GIVEN DATA:
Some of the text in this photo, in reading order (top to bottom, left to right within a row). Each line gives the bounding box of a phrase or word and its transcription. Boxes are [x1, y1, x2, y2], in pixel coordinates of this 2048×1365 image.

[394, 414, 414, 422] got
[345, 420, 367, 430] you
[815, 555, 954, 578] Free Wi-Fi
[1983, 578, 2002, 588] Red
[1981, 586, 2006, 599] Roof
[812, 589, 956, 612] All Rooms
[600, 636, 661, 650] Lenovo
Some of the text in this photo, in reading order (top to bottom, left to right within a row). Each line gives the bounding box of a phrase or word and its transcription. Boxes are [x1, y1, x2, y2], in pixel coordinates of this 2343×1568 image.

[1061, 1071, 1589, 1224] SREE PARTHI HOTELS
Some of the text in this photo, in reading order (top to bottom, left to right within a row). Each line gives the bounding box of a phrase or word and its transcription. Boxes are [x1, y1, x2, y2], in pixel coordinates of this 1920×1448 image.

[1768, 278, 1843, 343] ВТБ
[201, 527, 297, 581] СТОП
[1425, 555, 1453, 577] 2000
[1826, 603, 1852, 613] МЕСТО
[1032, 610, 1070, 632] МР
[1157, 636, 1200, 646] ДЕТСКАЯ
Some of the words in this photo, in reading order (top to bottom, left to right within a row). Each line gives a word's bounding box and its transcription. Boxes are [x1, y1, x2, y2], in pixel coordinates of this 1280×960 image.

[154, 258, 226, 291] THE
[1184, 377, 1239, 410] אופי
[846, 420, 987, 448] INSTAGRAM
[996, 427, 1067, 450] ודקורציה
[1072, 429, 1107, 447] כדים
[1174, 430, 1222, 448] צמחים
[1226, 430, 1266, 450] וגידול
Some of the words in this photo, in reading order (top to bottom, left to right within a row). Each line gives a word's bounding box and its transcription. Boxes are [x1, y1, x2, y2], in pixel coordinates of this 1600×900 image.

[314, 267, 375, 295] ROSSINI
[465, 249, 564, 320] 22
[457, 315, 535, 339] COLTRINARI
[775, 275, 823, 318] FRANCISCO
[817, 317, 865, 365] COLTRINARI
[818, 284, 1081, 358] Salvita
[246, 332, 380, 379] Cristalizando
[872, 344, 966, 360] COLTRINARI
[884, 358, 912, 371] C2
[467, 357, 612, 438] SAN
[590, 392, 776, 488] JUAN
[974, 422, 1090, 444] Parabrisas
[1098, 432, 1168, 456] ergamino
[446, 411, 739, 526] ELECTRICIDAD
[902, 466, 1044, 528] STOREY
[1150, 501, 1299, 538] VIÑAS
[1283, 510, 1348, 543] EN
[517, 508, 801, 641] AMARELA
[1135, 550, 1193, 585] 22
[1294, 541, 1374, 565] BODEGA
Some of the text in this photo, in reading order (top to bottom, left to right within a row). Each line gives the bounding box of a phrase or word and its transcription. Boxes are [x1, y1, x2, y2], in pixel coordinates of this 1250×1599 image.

DIRECTIONS:
Repeat the listing above in full, word for word.

WRITTEN SOLUTION:
Some of the text in this photo, in reading order (top to bottom, left to right within a row). Each line gives the bounding box of a phrase or word and its transcription. Boxes are [x1, y1, x2, y2], in pixel coordinates of this 2048×1365 image.

[394, 414, 414, 422] got
[345, 420, 367, 430] you
[815, 555, 954, 578] Free Wi-Fi
[1983, 578, 2002, 588] Red
[1981, 586, 2006, 599] Roof
[812, 589, 956, 612] All Rooms
[600, 636, 661, 650] Lenovo
Some of the text in this photo, in reading order (top to bottom, left to right within a row). Each line gives the bounding box of a phrase or word and its transcription. Boxes are [x1, y1, x2, y2], in pixel coordinates of this 2343×1568 image.

[1061, 1071, 1589, 1224] SREE PARTHI HOTELS
Some of the text in this photo, in reading order (top to bottom, left to right within a row). Each line gives the bounding box of a phrase or word and its transcription. Boxes are [x1, y1, x2, y2], in pixel coordinates of this 1920×1448 image.

[1768, 278, 1843, 343] ВТБ
[201, 527, 297, 581] СТОП
[1425, 555, 1453, 577] 2000
[1826, 603, 1852, 613] МЕСТО
[1032, 610, 1070, 632] МР
[1157, 636, 1200, 646] ДЕТСКАЯ
Some of the words in this photo, in reading order (top to bottom, left to right within a row). Each line gives a word's bounding box and its transcription. Boxes are [x1, y1, x2, y2], in pixel coordinates of this 1280×960 image.

[154, 258, 226, 291] THE
[1184, 377, 1239, 410] אופי
[846, 420, 987, 448] INSTAGRAM
[996, 427, 1067, 450] ודקורציה
[1072, 429, 1107, 447] כדים
[1174, 430, 1222, 448] צמחים
[1226, 430, 1266, 450] וגידול
Some of the words in this photo, in reading order (top to bottom, left to right within a row). Each line gives a word's bounding box and its transcription. Boxes are [x1, y1, x2, y2], in pixel coordinates of this 1600×900 image.

[314, 267, 375, 295] ROSSINI
[465, 249, 564, 320] 22
[457, 315, 535, 339] COLTRINARI
[775, 275, 823, 318] FRANCISCO
[817, 317, 865, 365] COLTRINARI
[818, 284, 1081, 358] Salvita
[246, 332, 380, 379] Cristalizando
[872, 344, 966, 360] COLTRINARI
[884, 358, 912, 371] C2
[467, 357, 612, 438] SAN
[590, 392, 776, 488] JUAN
[974, 422, 1090, 444] Parabrisas
[1098, 432, 1168, 456] ergamino
[446, 411, 739, 526] ELECTRICIDAD
[902, 466, 1044, 528] STOREY
[1150, 501, 1299, 538] VIÑAS
[1283, 510, 1348, 543] EN
[517, 508, 801, 641] AMARELA
[1135, 550, 1193, 585] 22
[1294, 541, 1374, 565] BODEGA
Some of the text in this photo, in reading order (top to bottom, left to right within a row). Each line gives the bounding box of a phrase or word and its transcription. Boxes are [x1, y1, x2, y2], in pixel coordinates of this 1250×1599 image.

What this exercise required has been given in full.